(Beginning of ENTRIES SUPPLIED)
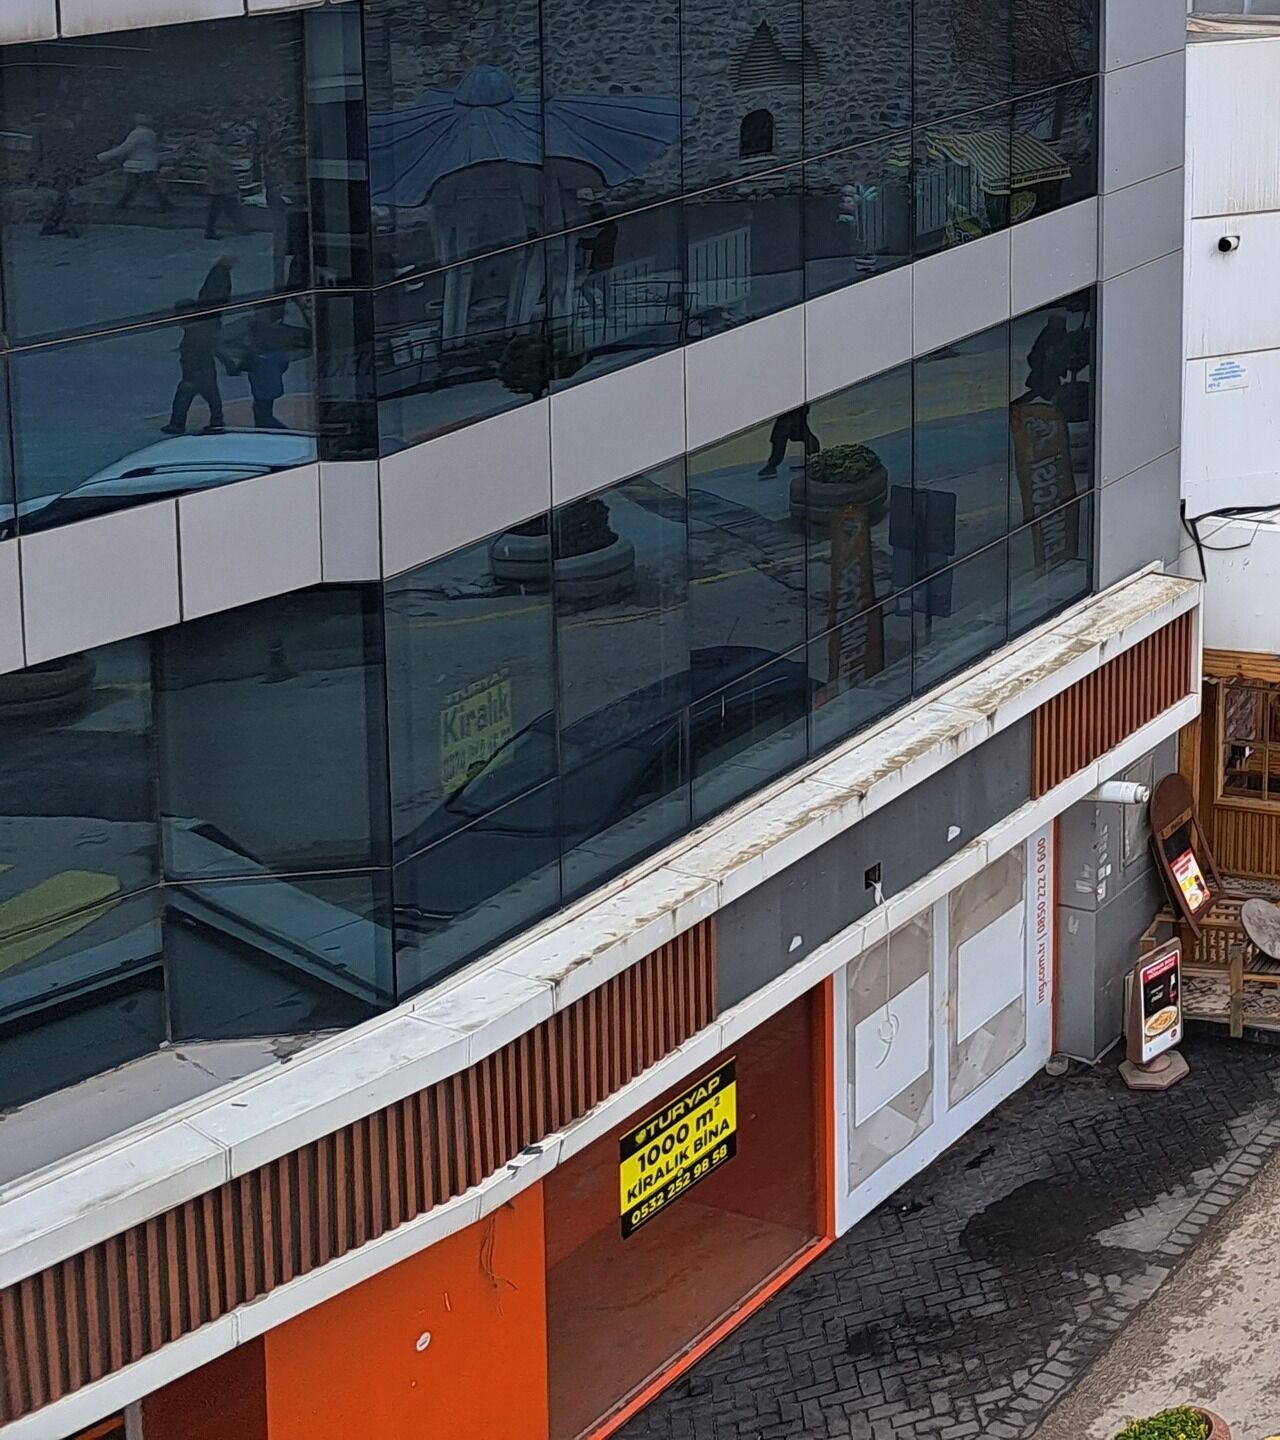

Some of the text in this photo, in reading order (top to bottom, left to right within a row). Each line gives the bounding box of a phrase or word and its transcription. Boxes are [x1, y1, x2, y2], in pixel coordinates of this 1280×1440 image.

[1037, 837, 1047, 863] 600
[1037, 864, 1046, 874] 0
[1037, 875, 1047, 901] 222
[1037, 901, 1047, 934] 0850
[1036, 944, 1047, 1006] ing.com.tr
[646, 1076, 720, 1138] TURYAP
[627, 1118, 730, 1205] KİRALIK BİNA
[637, 1123, 690, 1173] 1000
[631, 1144, 728, 1225] 0532 252 98 58
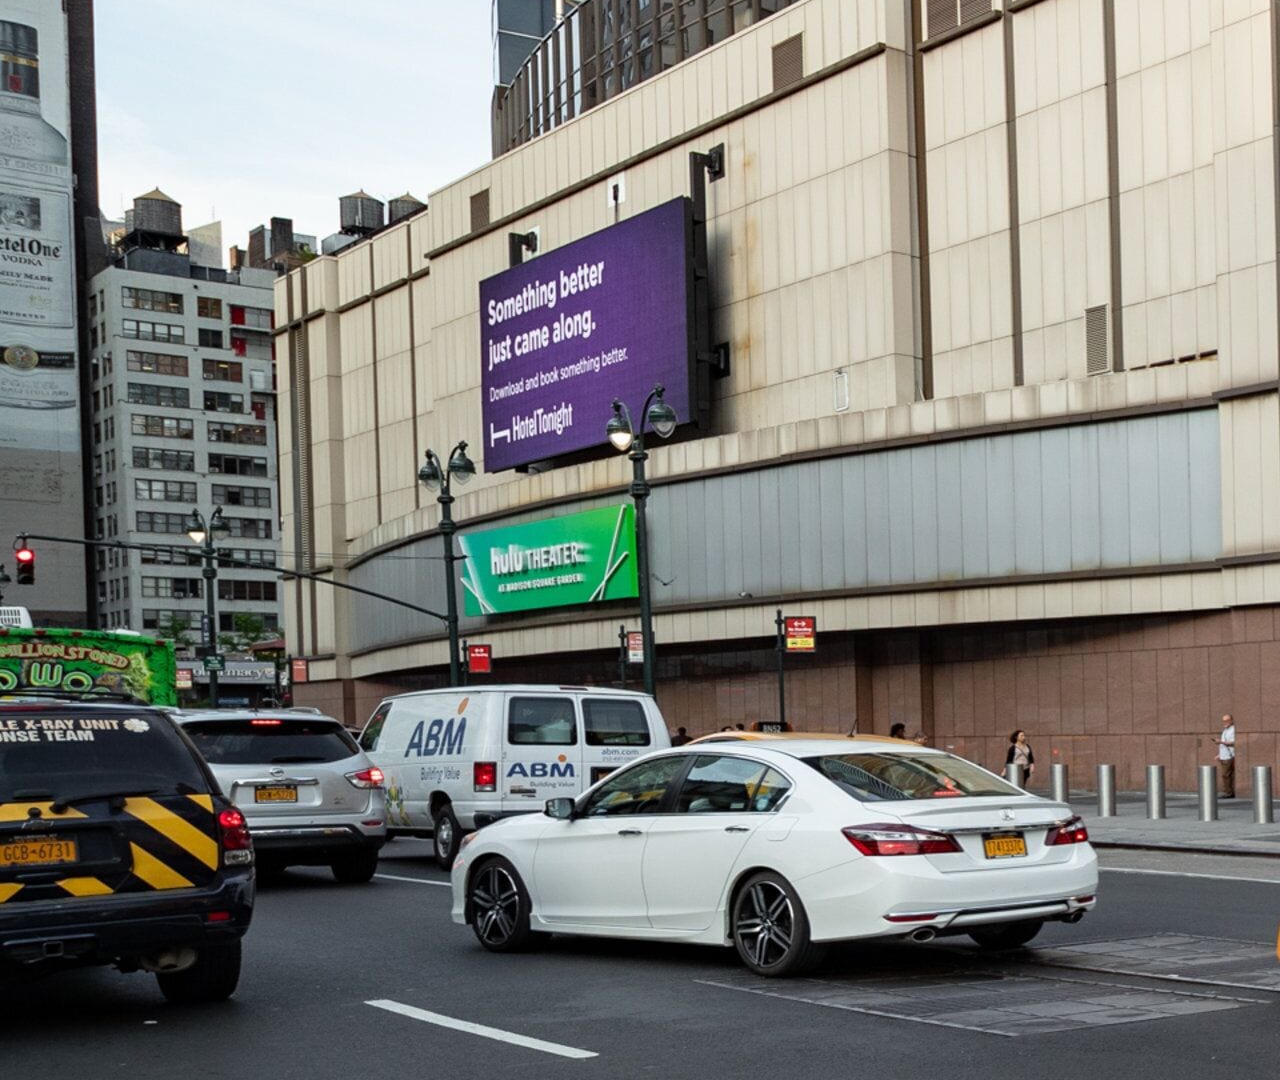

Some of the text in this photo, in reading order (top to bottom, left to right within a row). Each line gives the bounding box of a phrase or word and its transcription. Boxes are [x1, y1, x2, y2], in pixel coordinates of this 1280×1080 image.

[28, 240, 60, 258] One
[2, 254, 43, 266] VODKA
[488, 261, 604, 325] Something better
[488, 309, 596, 370] just came along.
[490, 347, 628, 402] Download and book something better.
[512, 402, 573, 441] HotelTonight
[490, 542, 581, 575] hulu THEATER
[24, 720, 74, 731] X-RAY
[80, 720, 120, 731] UNIT
[0, 730, 95, 743] NSE TEAM
[404, 717, 467, 758] ABM
[601, 747, 640, 757] abm.com
[506, 762, 576, 778] ABM
[530, 780, 576, 789] Building Value
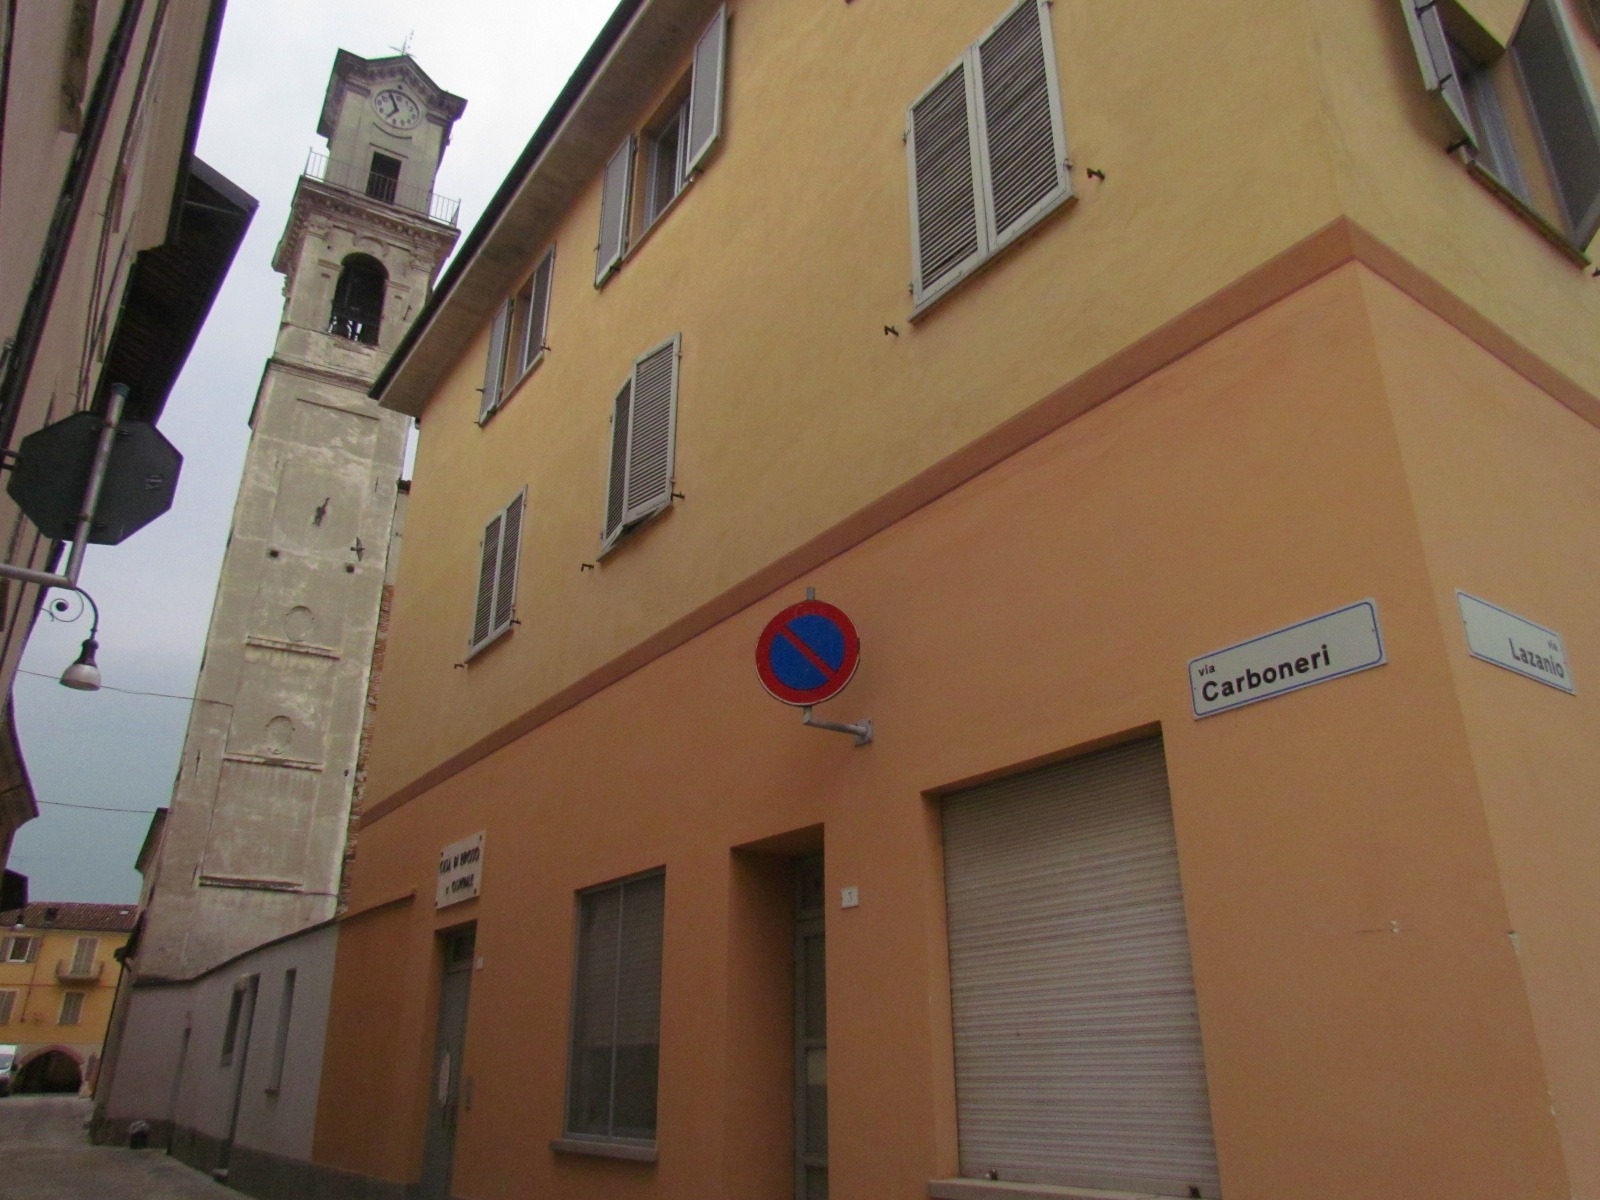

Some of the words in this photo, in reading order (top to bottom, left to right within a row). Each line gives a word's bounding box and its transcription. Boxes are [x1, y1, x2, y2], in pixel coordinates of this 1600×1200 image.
(End of ENTRIES SUPPLIED)
### ACTIVITY
Leave the images out and transcribe the remaining data above word for word.

### TASK SOLUTION
Some of the text in this photo, in reading order (top to bottom, left to right within a row). Each line gives the bounding box of a phrase or word and its transcription. Boxes are [x1, y1, x2, y2], in pixel coordinates of this 1280×1440 image.

[1037, 837, 1047, 863] 600
[1037, 864, 1046, 874] 0
[1037, 875, 1047, 901] 222
[1037, 901, 1047, 934] 0850
[1036, 944, 1047, 1006] ing.com.tr
[646, 1076, 720, 1138] TURYAP
[627, 1118, 730, 1205] KİRALIK BİNA
[637, 1123, 690, 1173] 1000
[631, 1144, 728, 1225] 0532 252 98 58

Some of the text in this photo, in reading order (top to bottom, left to right within a row). Each line gives the bounding box of a phrase or word and its transcription. Boxes are [x1, y1, x2, y2], in pixel coordinates of this 1280×1080 image.

[28, 240, 60, 258] One
[2, 254, 43, 266] VODKA
[488, 261, 604, 325] Something better
[488, 309, 596, 370] just came along.
[490, 347, 628, 402] Download and book something better.
[512, 402, 573, 441] HotelTonight
[490, 542, 581, 575] hulu THEATER
[24, 720, 74, 731] X-RAY
[80, 720, 120, 731] UNIT
[0, 730, 95, 743] NSE TEAM
[404, 717, 467, 758] ABM
[601, 747, 640, 757] abm.com
[506, 762, 576, 778] ABM
[530, 780, 576, 789] Building Value

Some of the words in this photo, in reading order (top to bottom, left to right within a row). Each line gives a word's bounding box and its transcription. Boxes are [x1, y1, x2, y2], in pixel coordinates of this 1600×1200 image.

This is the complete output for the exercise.